- _Referring expression grounding data_

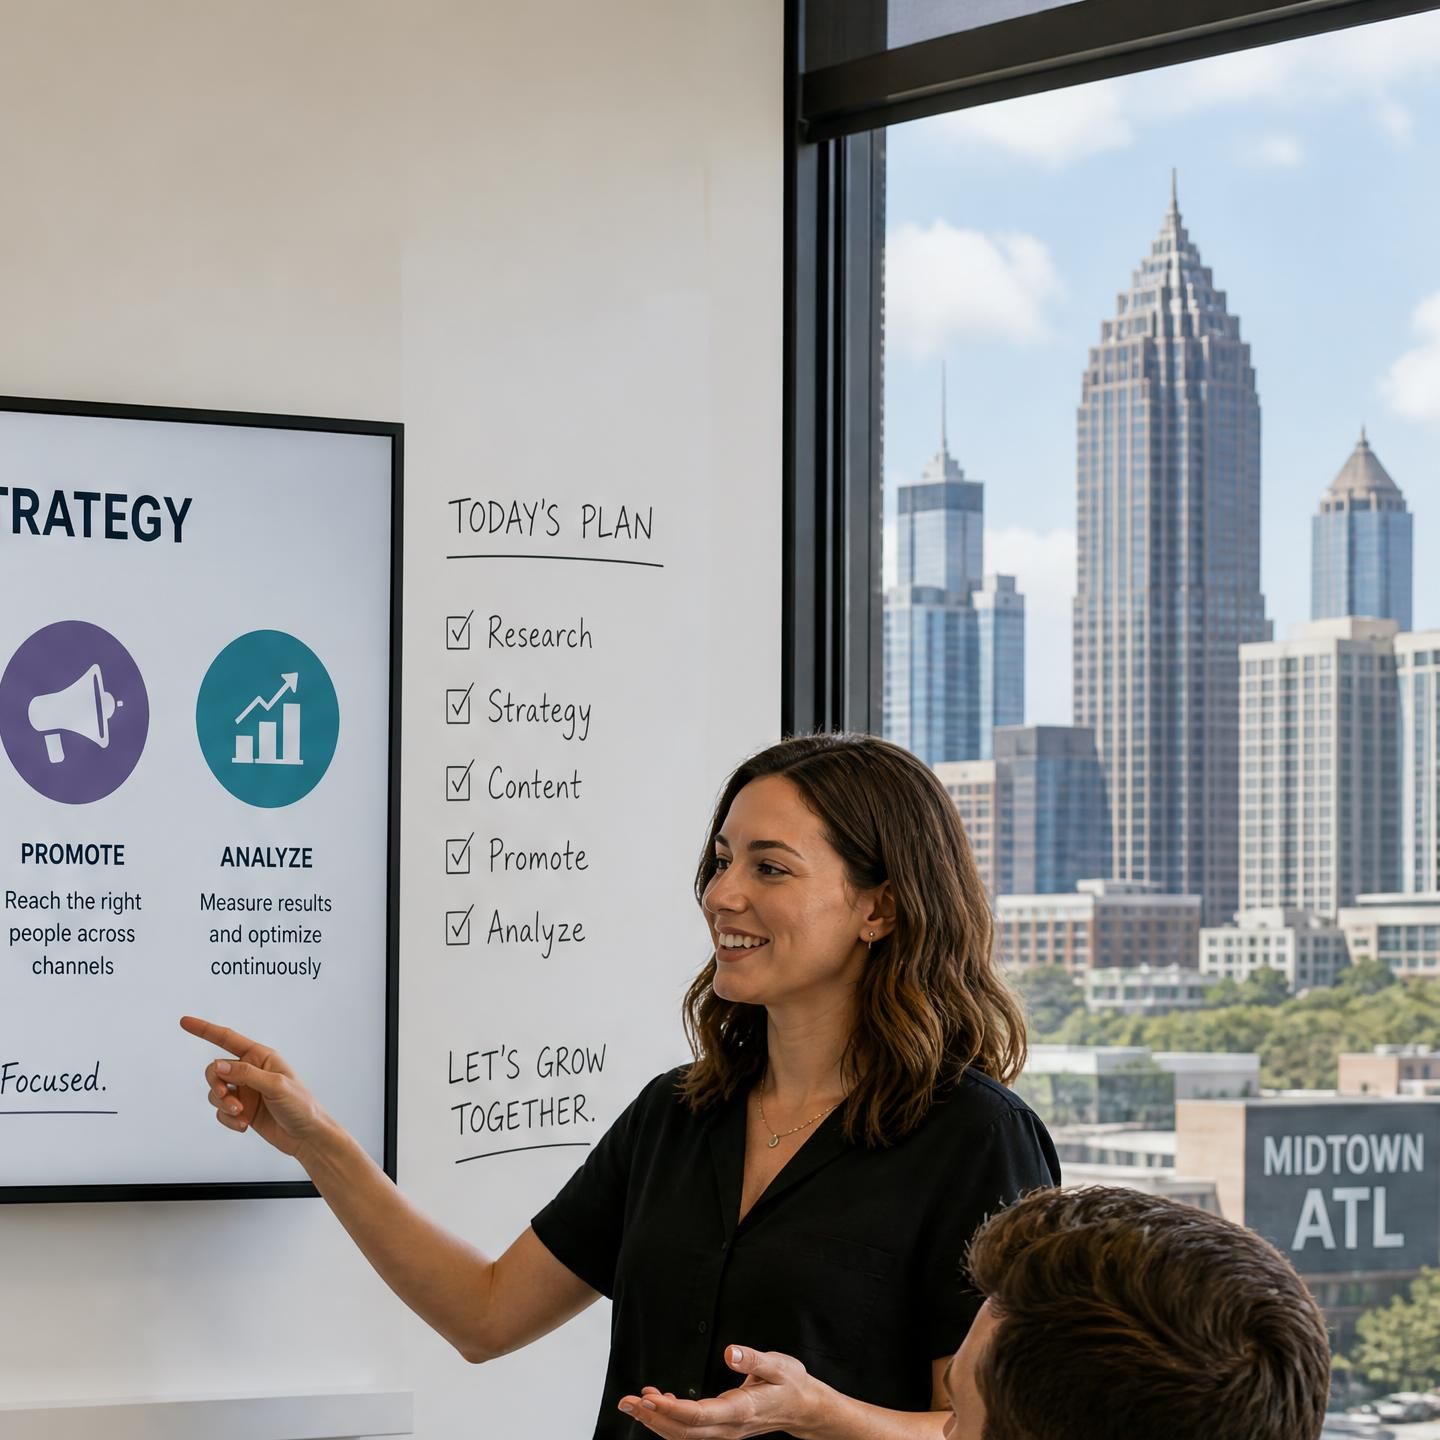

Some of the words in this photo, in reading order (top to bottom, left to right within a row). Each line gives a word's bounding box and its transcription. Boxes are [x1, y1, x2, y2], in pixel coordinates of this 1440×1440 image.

[449, 498, 559, 536] TODAY'S
[582, 504, 652, 539] PLAN
[489, 615, 592, 648] Research
[489, 689, 591, 741] Strategy
[489, 766, 582, 799] Content
[22, 843, 124, 865] PROMOTE
[221, 847, 312, 868] ANALYZE
[490, 838, 588, 872] Promote
[6, 891, 60, 909] Reach
[67, 891, 95, 909] the
[102, 892, 141, 915] right
[201, 893, 272, 911] Measure
[279, 894, 331, 911] results
[10, 923, 71, 946] people
[78, 929, 135, 942] across
[210, 925, 241, 942] and
[249, 927, 321, 948] optimize
[488, 910, 585, 959] Analyze
[33, 956, 113, 974] channels
[211, 957, 321, 979] continuously
[449, 1045, 519, 1084] LET'S
[537, 1044, 606, 1078] GROW
[451, 1094, 594, 1135] TOGETHER.
[1265, 1134, 1423, 1175] MIDTOWN
[1292, 1187, 1403, 1250] ATL
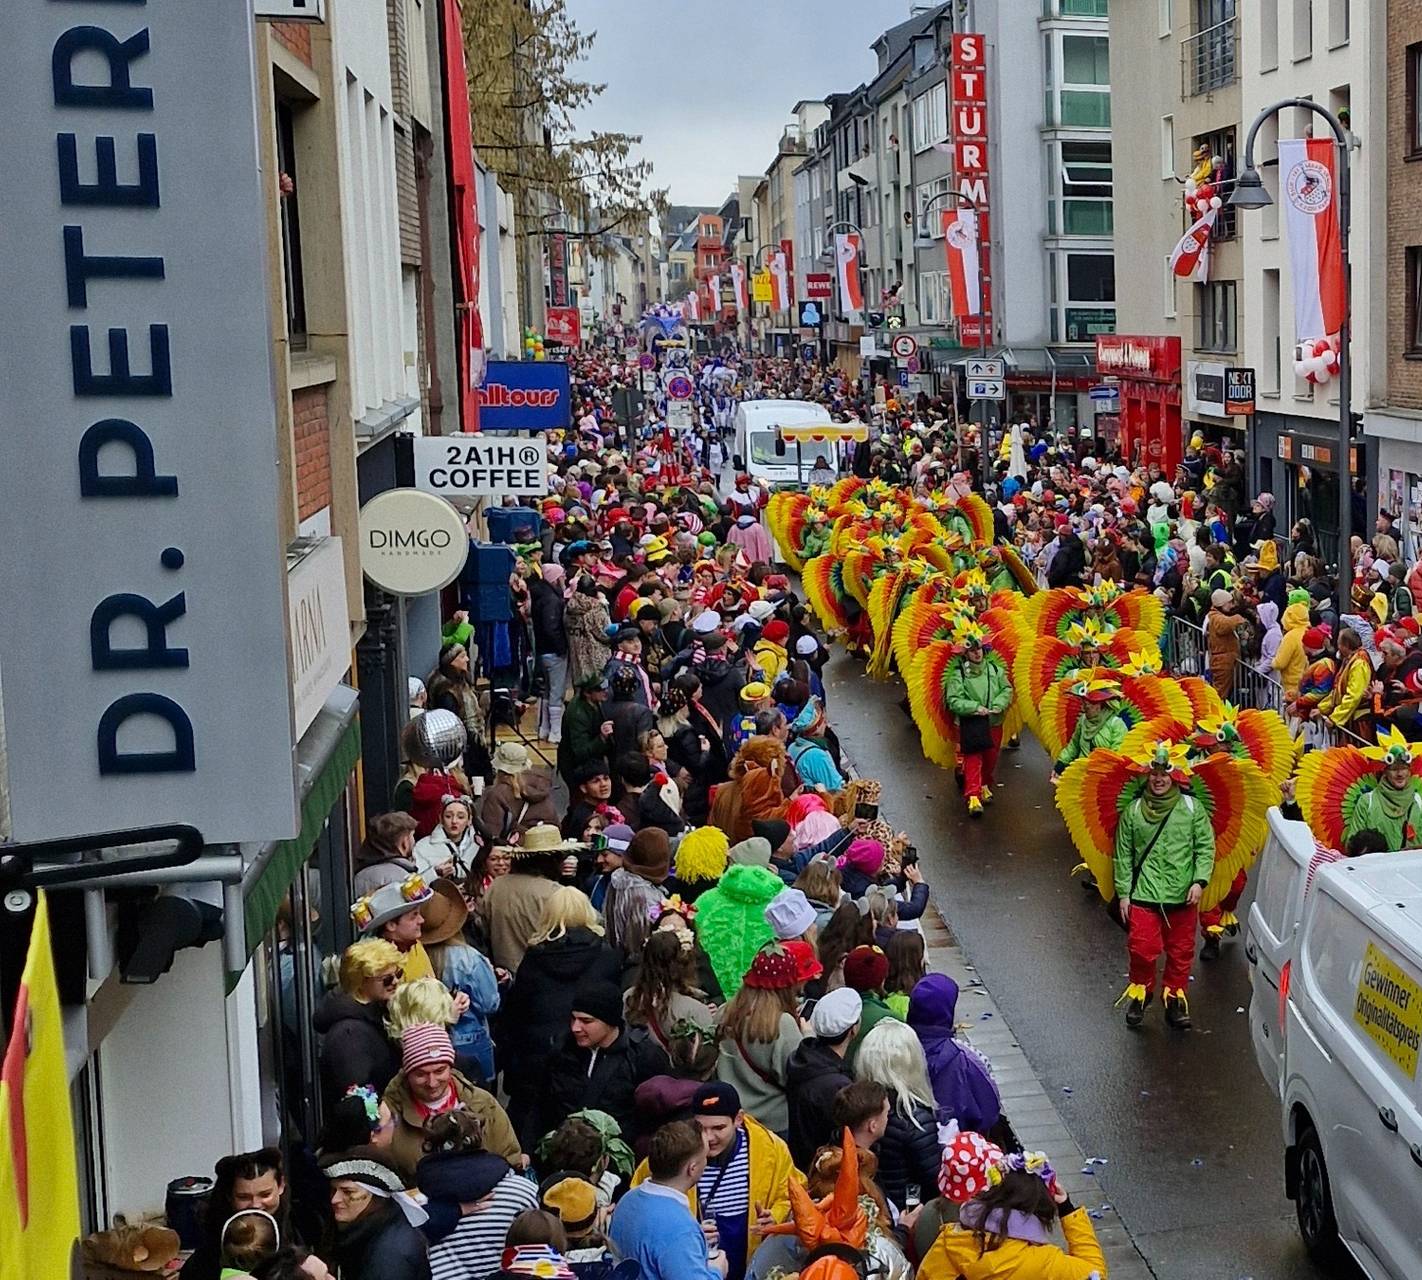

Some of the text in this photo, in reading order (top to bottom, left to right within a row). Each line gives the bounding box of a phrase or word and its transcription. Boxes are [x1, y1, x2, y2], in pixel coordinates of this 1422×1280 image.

[808, 282, 831, 290] REWE
[1228, 371, 1253, 385] NEXT
[51, 0, 197, 776] DR. PETER
[1228, 385, 1253, 399] DOOR
[429, 469, 541, 488] COFFEE
[369, 529, 451, 549] DIMGO
[1364, 962, 1412, 1012] Gewinner
[1357, 991, 1420, 1051] Originalitätspreis

- _EXERCISE GOAL_
Before printing the records again, strip out the pictures; change nothing else.

- _EXERCISE RESULT_
Some of the words in this photo, in reading order (top to bottom, left to right within a row). Each line gives a word's bounding box and its transcription. Boxes are [x1, y1, x2, y2], in pixel coordinates of this 1440×1440 image.

[449, 498, 559, 536] TODAY'S
[582, 504, 652, 539] PLAN
[489, 615, 592, 648] Research
[489, 689, 591, 741] Strategy
[489, 766, 582, 799] Content
[22, 843, 124, 865] PROMOTE
[221, 847, 312, 868] ANALYZE
[490, 838, 588, 872] Promote
[6, 891, 60, 909] Reach
[67, 891, 95, 909] the
[102, 892, 141, 915] right
[201, 893, 272, 911] Measure
[279, 894, 331, 911] results
[10, 923, 71, 946] people
[78, 929, 135, 942] across
[210, 925, 241, 942] and
[249, 927, 321, 948] optimize
[488, 910, 585, 959] Analyze
[33, 956, 113, 974] channels
[211, 957, 321, 979] continuously
[449, 1045, 519, 1084] LET'S
[537, 1044, 606, 1078] GROW
[451, 1094, 594, 1135] TOGETHER.
[1265, 1134, 1423, 1175] MIDTOWN
[1292, 1187, 1403, 1250] ATL

Some of the text in this photo, in reading order (top to bottom, left to right within a row). Each line gives the bounding box of a phrase or word and its transcription. Boxes are [x1, y1, x2, y2], in pixel coordinates of this 1422×1280 image.

[808, 282, 831, 290] REWE
[1228, 371, 1253, 385] NEXT
[51, 0, 197, 776] DR. PETER
[1228, 385, 1253, 399] DOOR
[429, 469, 541, 488] COFFEE
[369, 529, 451, 549] DIMGO
[1364, 962, 1412, 1012] Gewinner
[1357, 991, 1420, 1051] Originalitätspreis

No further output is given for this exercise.